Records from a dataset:
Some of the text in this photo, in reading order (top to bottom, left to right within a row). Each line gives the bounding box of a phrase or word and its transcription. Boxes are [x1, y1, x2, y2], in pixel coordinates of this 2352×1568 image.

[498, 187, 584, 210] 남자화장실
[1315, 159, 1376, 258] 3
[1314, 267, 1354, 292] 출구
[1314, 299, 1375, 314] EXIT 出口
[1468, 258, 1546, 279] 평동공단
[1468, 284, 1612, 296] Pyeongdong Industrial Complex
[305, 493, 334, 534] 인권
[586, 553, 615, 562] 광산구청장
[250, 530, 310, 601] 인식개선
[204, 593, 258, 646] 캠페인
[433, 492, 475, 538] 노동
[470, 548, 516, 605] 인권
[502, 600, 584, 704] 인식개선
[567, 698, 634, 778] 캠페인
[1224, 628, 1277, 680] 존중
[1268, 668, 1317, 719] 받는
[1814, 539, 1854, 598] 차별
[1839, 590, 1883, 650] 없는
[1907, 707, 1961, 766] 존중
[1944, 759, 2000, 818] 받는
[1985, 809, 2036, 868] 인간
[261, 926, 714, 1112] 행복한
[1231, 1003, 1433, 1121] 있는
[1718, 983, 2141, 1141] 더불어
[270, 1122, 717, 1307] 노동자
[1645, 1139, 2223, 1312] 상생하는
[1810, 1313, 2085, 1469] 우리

▶ _What to produce_
Please return all of the entries above, exactly and completely.

▶ _Result below_
Some of the text in this photo, in reading order (top to bottom, left to right within a row). Each line gives the bounding box of a phrase or word and its transcription. Boxes are [x1, y1, x2, y2], in pixel coordinates of this 2352×1568 image.

[498, 187, 584, 210] 남자화장실
[1315, 159, 1376, 258] 3
[1314, 267, 1354, 292] 출구
[1314, 299, 1375, 314] EXIT 出口
[1468, 258, 1546, 279] 평동공단
[1468, 284, 1612, 296] Pyeongdong Industrial Complex
[305, 493, 334, 534] 인권
[586, 553, 615, 562] 광산구청장
[250, 530, 310, 601] 인식개선
[204, 593, 258, 646] 캠페인
[433, 492, 475, 538] 노동
[470, 548, 516, 605] 인권
[502, 600, 584, 704] 인식개선
[567, 698, 634, 778] 캠페인
[1224, 628, 1277, 680] 존중
[1268, 668, 1317, 719] 받는
[1814, 539, 1854, 598] 차별
[1839, 590, 1883, 650] 없는
[1907, 707, 1961, 766] 존중
[1944, 759, 2000, 818] 받는
[1985, 809, 2036, 868] 인간
[261, 926, 714, 1112] 행복한
[1231, 1003, 1433, 1121] 있는
[1718, 983, 2141, 1141] 더불어
[270, 1122, 717, 1307] 노동자
[1645, 1139, 2223, 1312] 상생하는
[1810, 1313, 2085, 1469] 우리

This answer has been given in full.